# WHAT THIS TASK INVOLVES:
Write the records out again, unchanged.

──────── DATA SHOWN ────────

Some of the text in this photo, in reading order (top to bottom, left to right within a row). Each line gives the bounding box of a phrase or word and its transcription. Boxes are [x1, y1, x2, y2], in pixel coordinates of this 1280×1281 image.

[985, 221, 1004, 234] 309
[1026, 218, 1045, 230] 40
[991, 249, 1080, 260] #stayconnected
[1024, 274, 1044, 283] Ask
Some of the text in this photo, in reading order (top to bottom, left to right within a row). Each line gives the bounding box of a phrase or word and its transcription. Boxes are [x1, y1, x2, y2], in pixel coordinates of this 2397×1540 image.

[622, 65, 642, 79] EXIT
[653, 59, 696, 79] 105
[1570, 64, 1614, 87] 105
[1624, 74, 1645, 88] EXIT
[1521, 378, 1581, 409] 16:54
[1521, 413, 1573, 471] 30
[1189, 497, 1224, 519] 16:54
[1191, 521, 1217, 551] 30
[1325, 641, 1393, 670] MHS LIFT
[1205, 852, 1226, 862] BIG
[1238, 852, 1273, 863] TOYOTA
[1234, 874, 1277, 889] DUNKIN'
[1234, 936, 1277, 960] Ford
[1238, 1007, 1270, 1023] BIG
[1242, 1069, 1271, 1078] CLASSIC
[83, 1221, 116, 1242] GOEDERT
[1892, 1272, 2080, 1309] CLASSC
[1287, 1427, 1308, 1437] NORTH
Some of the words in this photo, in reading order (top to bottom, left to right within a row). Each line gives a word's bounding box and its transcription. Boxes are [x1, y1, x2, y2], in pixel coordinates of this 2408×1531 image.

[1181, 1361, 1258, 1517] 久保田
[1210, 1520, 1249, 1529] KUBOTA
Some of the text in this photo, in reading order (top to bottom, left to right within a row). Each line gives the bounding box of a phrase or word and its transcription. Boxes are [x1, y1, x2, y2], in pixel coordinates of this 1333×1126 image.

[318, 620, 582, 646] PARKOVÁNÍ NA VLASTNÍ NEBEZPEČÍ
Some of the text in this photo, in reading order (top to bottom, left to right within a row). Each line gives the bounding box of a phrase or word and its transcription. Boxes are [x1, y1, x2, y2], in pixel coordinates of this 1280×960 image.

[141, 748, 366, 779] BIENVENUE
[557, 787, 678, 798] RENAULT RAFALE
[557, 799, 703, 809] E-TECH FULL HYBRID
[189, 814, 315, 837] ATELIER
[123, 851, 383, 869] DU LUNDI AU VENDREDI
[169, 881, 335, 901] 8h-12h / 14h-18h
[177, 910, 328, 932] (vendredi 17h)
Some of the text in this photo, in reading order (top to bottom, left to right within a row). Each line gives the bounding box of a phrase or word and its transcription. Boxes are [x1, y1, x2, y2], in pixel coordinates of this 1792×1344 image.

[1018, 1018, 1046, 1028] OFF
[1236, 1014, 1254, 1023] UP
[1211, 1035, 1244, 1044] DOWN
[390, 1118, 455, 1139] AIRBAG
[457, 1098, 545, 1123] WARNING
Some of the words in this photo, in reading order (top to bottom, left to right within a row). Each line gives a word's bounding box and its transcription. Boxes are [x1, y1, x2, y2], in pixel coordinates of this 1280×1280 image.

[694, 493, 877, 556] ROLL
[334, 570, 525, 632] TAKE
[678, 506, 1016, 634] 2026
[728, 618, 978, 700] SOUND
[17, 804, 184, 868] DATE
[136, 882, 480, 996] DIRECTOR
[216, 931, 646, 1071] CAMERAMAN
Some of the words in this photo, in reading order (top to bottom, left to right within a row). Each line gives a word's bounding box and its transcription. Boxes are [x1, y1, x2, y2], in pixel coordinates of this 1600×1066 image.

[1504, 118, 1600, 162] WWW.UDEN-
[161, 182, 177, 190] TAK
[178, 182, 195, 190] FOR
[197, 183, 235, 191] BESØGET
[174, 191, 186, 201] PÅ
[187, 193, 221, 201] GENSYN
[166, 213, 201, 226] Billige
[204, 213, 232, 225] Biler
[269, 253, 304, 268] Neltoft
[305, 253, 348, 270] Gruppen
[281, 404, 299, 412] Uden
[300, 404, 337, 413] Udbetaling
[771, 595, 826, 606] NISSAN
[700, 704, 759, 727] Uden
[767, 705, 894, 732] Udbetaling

────────

# RESPONSE TO THIS TASK:
Some of the text in this photo, in reading order (top to bottom, left to right within a row). Each line gives the bounding box of a phrase or word and its transcription. Boxes are [x1, y1, x2, y2], in pixel coordinates of this 1280×1281 image.

[985, 221, 1004, 234] 309
[1026, 218, 1045, 230] 40
[991, 249, 1080, 260] #stayconnected
[1024, 274, 1044, 283] Ask
Some of the text in this photo, in reading order (top to bottom, left to right within a row). Each line gives the bounding box of a phrase or word and its transcription. Boxes are [x1, y1, x2, y2], in pixel coordinates of this 2397×1540 image.

[622, 65, 642, 79] EXIT
[653, 59, 696, 79] 105
[1570, 64, 1614, 87] 105
[1624, 74, 1645, 88] EXIT
[1521, 378, 1581, 409] 16:54
[1521, 413, 1573, 471] 30
[1189, 497, 1224, 519] 16:54
[1191, 521, 1217, 551] 30
[1325, 641, 1393, 670] MHS LIFT
[1205, 852, 1226, 862] BIG
[1238, 852, 1273, 863] TOYOTA
[1234, 874, 1277, 889] DUNKIN'
[1234, 936, 1277, 960] Ford
[1238, 1007, 1270, 1023] BIG
[1242, 1069, 1271, 1078] CLASSIC
[83, 1221, 116, 1242] GOEDERT
[1892, 1272, 2080, 1309] CLASSC
[1287, 1427, 1308, 1437] NORTH
Some of the words in this photo, in reading order (top to bottom, left to right within a row). Each line gives a word's bounding box and its transcription. Boxes are [x1, y1, x2, y2], in pixel coordinates of this 2408×1531 image.

[1181, 1361, 1258, 1517] 久保田
[1210, 1520, 1249, 1529] KUBOTA
Some of the text in this photo, in reading order (top to bottom, left to right within a row). Each line gives the bounding box of a phrase or word and its transcription. Boxes are [x1, y1, x2, y2], in pixel coordinates of this 1333×1126 image.

[318, 620, 582, 646] PARKOVÁNÍ NA VLASTNÍ NEBEZPEČÍ
Some of the text in this photo, in reading order (top to bottom, left to right within a row). Each line gives the bounding box of a phrase or word and its transcription. Boxes are [x1, y1, x2, y2], in pixel coordinates of this 1280×960 image.

[141, 748, 366, 779] BIENVENUE
[557, 787, 678, 798] RENAULT RAFALE
[557, 799, 703, 809] E-TECH FULL HYBRID
[189, 814, 315, 837] ATELIER
[123, 851, 383, 869] DU LUNDI AU VENDREDI
[169, 881, 335, 901] 8h-12h / 14h-18h
[177, 910, 328, 932] (vendredi 17h)
Some of the text in this photo, in reading order (top to bottom, left to right within a row). Each line gives the bounding box of a phrase or word and its transcription. Boxes are [x1, y1, x2, y2], in pixel coordinates of this 1792×1344 image.

[1018, 1018, 1046, 1028] OFF
[1236, 1014, 1254, 1023] UP
[1211, 1035, 1244, 1044] DOWN
[390, 1118, 455, 1139] AIRBAG
[457, 1098, 545, 1123] WARNING
Some of the words in this photo, in reading order (top to bottom, left to right within a row). Each line gives a word's bounding box and its transcription. Boxes are [x1, y1, x2, y2], in pixel coordinates of this 1280×1280 image.

[694, 493, 877, 556] ROLL
[334, 570, 525, 632] TAKE
[678, 506, 1016, 634] 2026
[728, 618, 978, 700] SOUND
[17, 804, 184, 868] DATE
[136, 882, 480, 996] DIRECTOR
[216, 931, 646, 1071] CAMERAMAN
Some of the words in this photo, in reading order (top to bottom, left to right within a row). Each line gives a word's bounding box and its transcription. Boxes are [x1, y1, x2, y2], in pixel coordinates of this 1600×1066 image.

[1504, 118, 1600, 162] WWW.UDEN-
[161, 182, 177, 190] TAK
[178, 182, 195, 190] FOR
[197, 183, 235, 191] BESØGET
[174, 191, 186, 201] PÅ
[187, 193, 221, 201] GENSYN
[166, 213, 201, 226] Billige
[204, 213, 232, 225] Biler
[269, 253, 304, 268] Neltoft
[305, 253, 348, 270] Gruppen
[281, 404, 299, 412] Uden
[300, 404, 337, 413] Udbetaling
[771, 595, 826, 606] NISSAN
[700, 704, 759, 727] Uden
[767, 705, 894, 732] Udbetaling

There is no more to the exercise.